I disagree here. D&D
has inspired the wider world of RPG game design.
In all cases other RPGS have been a reaction to what D&D does. So to my mind not problematic per say. Just the default position of the 1st RPG and market leader.
Quote from: Alexander Kalinowski;1095736...other than popularizing Advantage/Disadvantage in the last edition. To the contrary, D&D has taken up inspiration from innovations that either had become industry standards before (skill subsystem, a unified system or edges & flaws) or has shoplifted other ideas from other games (backgrounds).
In short: for a long, long time now D&D has been way more inspired by the rest of the hobby rather than inspiring it.
This, I generally agree with. But D&D is in a weird position of not being able to kill too many sacred cows. 4e has shown the fine line that D&D has to walk.
Quote from: Alexander Kalinowski;1095736That said, having designed a fantasy RPG recently I can confirm that considering D&D is part of the process. But not on the rule- or world-design level (in my case).... instead, you consider (and you're explaining this in the video, which redeems it in my eyes) if the game you're envisioning has a niche.
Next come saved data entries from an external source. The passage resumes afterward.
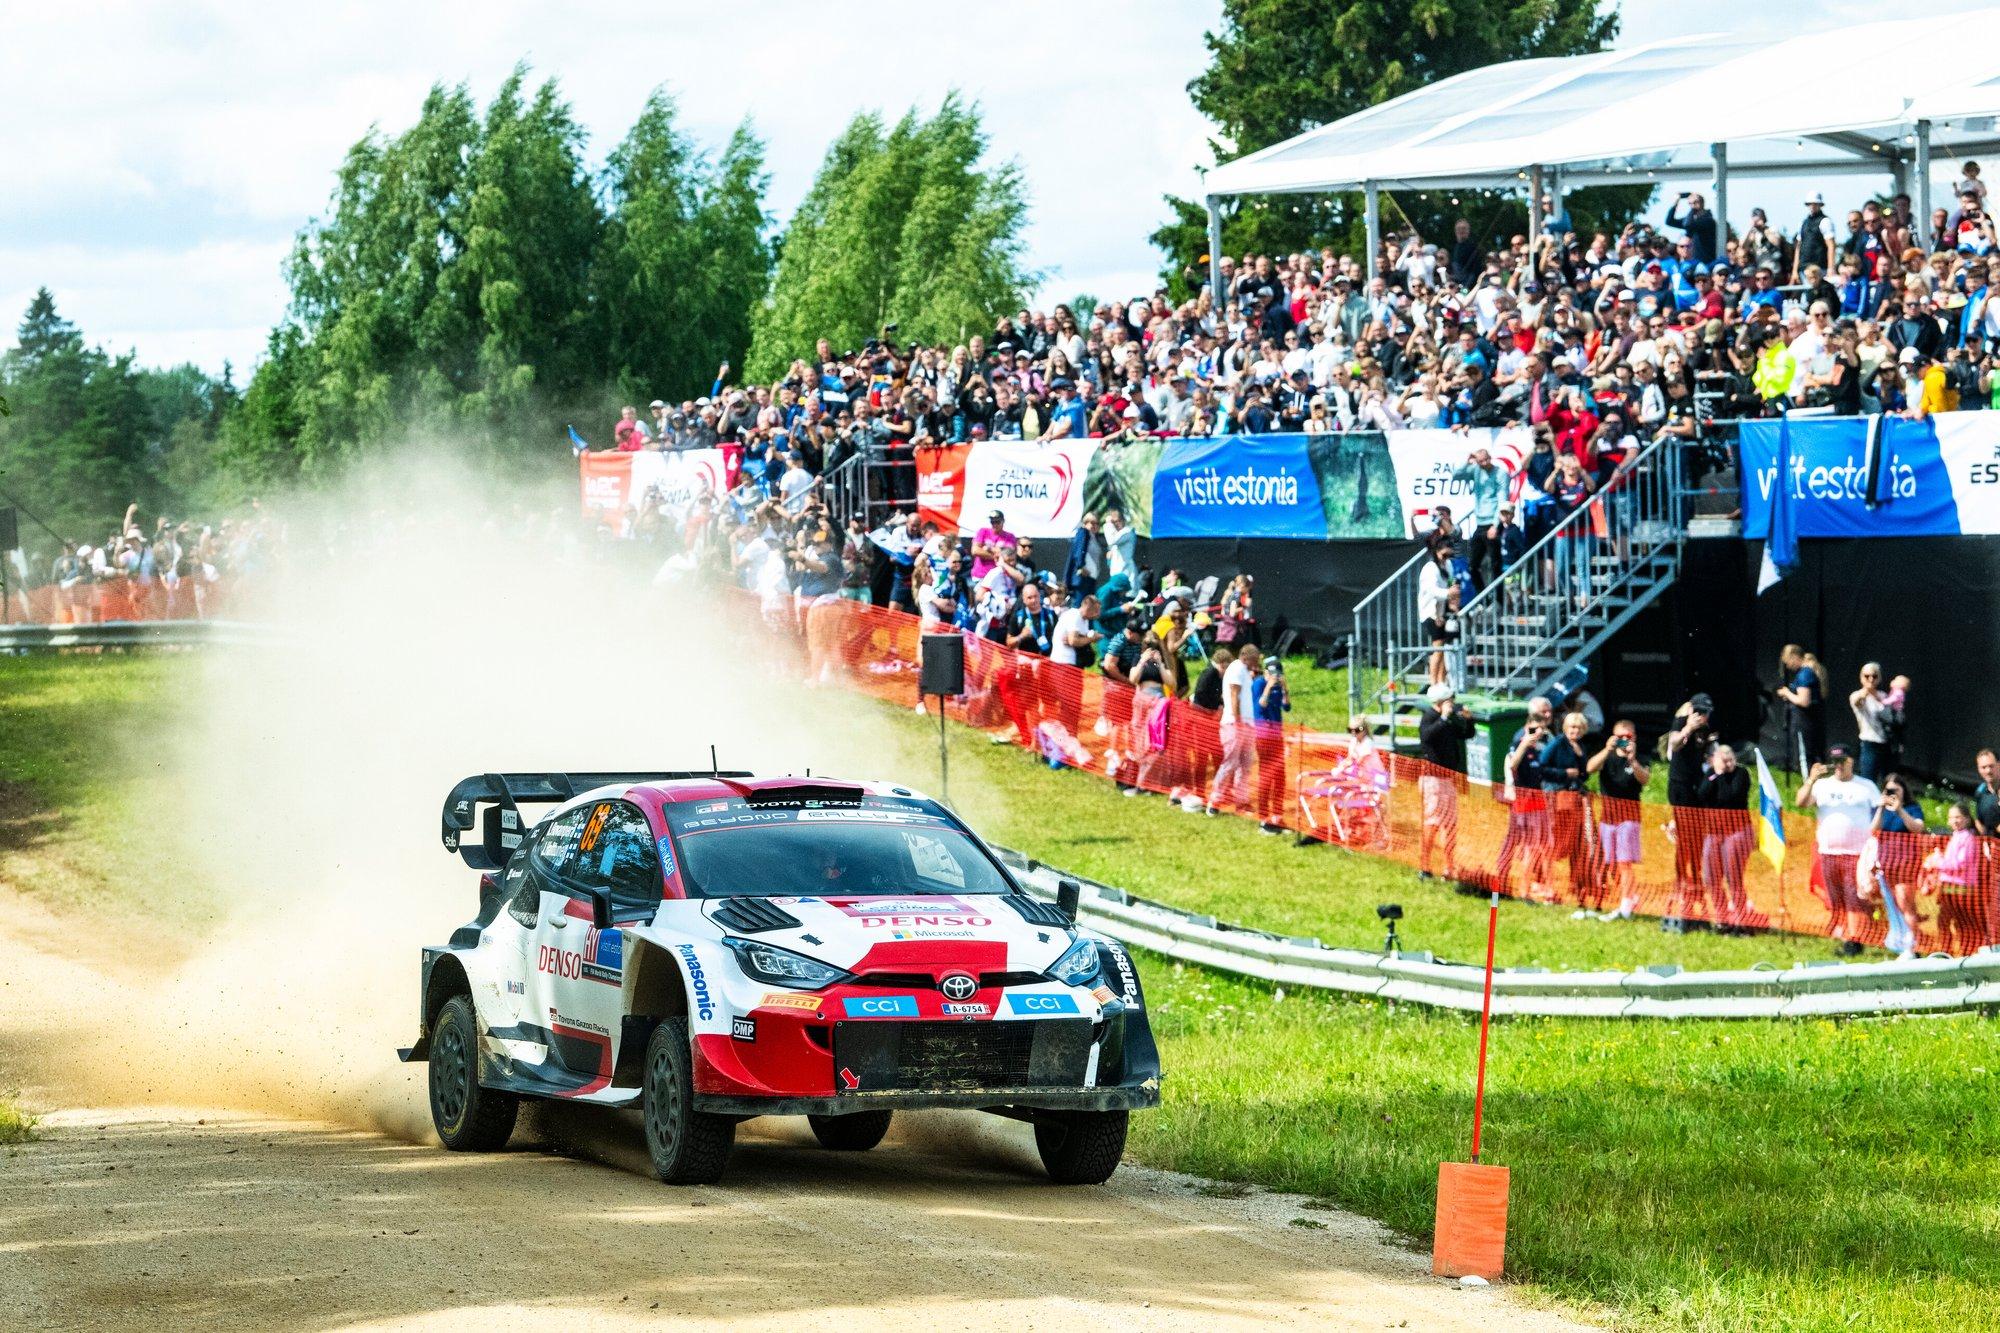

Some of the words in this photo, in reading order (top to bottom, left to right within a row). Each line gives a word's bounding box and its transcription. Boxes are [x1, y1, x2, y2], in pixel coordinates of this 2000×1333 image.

[1000, 468, 1034, 481] RALLY
[1808, 454, 1917, 500] estoia
[985, 483, 1049, 499] ESTONIA
[1174, 467, 1223, 505] visit
[1223, 466, 1298, 505] estonia
[732, 799, 802, 809] TOYOTA
[804, 799, 865, 808] GAZOO
[868, 801, 923, 813] Racing
[683, 812, 789, 829] BEYOND
[807, 811, 889, 820] RALLY
[861, 916, 992, 928] DENSO
[913, 929, 975, 939] Microsoft
[539, 944, 582, 981] DENSO
[674, 943, 716, 1022] Panasonic
[764, 994, 817, 1009] PIRELLI
[952, 1005, 983, 1013] A-6754
[733, 1023, 755, 1037] OMP
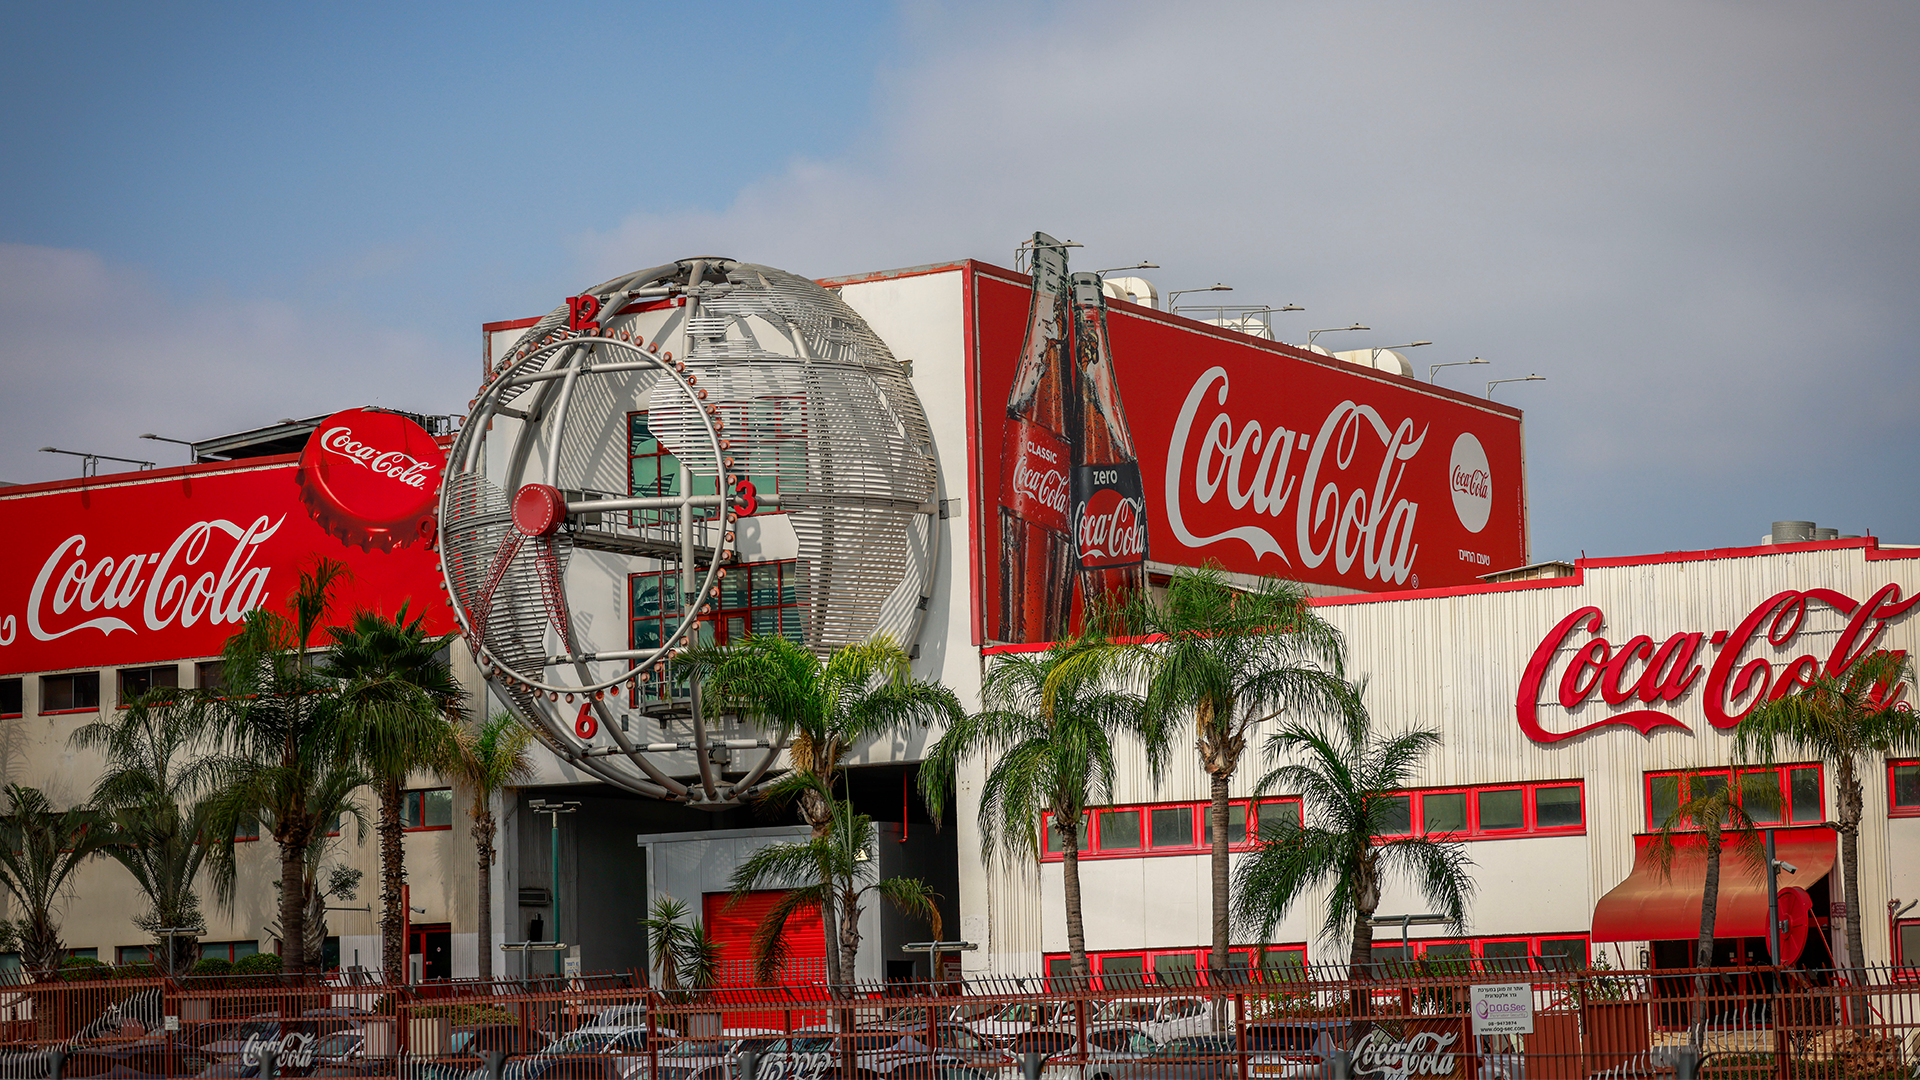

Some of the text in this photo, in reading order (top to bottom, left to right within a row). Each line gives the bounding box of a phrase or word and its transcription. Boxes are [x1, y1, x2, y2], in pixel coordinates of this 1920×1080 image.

[566, 294, 600, 331] 12
[321, 426, 437, 489] Coca-Cola
[1027, 441, 1057, 465] CLASSIC
[1013, 455, 1070, 514] Coca-Cola
[1093, 470, 1118, 485] zero
[1166, 366, 1429, 586] Coca-Cola
[1452, 464, 1489, 499] Coca-Cola
[733, 480, 758, 517] 3
[1073, 497, 1146, 559] Coca-Cola
[27, 512, 287, 642] Coca-Cola
[575, 703, 598, 739] 6
[1351, 1031, 1459, 1076] Coca-Cola
As to whether the niche I have chosen is a viable niche, that's a different question, but I think what I am, working on is distinct enough to cater to people who seek a specific experience that they cannot get from other games, not in this form.
This.
Actually designing a good RPG that is not d20srd based is really hard.
It is really all about finding you niche, and giving people a reason to give your game a try.
Quote from: jeff37923;1095747...
If a non-D&D based game cannot achieve either popularity or longevity, then how do you explain Call of Cthulhu, d6 Star Wars, Traveller, Cyberpunk, and Mekton?
The gulf in popularity between D&D and these games is .... well, we all know. "Popularity" and "successful" are relative terms when discussing non-D&D rpgs.
Quote from: Jaeger;1095788The gulf in popularity between D&D and these games is .... well, we all know. "Popularity" and "successful" are relative terms when discussing non-D&D rpgs.
And longevity?
d6 Star Wars and Traveller have both survived the death of their parent companies to still remain favorites to this day.
In the case of d6 Star Wars, even FFG has had to concede the game's popularity and impact by printing a 30th Anniversary Edition of the original rules.
(A conceit that I will make here is that in the case of promotion, d6 Star Wars is a significant demonstration since all of the media from the second rise in popularity of Star Wars in the late 80's in the form of novels of the Expanded Universe were based upon material created for the role-playing game. It all acted as advertising.)
Quote from: jeff37923;1095792d6 Star Wars and Traveller have both survived the death of their parent companies to still remain favorites to this day.
Which always makes me wonder why we don't see more popular RPGs using those rules.
Quote from: Spinachcat;1095796Which always makes me wonder why we don't see more popular RPGs using those rules.
More popular? Or more current?
Mongoose Traveller sells pretty well, but people still buy Classic Traveller in CD-ROM form and use Cepheus Engine to create new creator owned content for the game.
FFG Star Wars had to acknowledge the original d6 Star Wars game in a 30th Anniversary Edition and fan made material and conversions are keeping up with all of the new Star Wars media being put out.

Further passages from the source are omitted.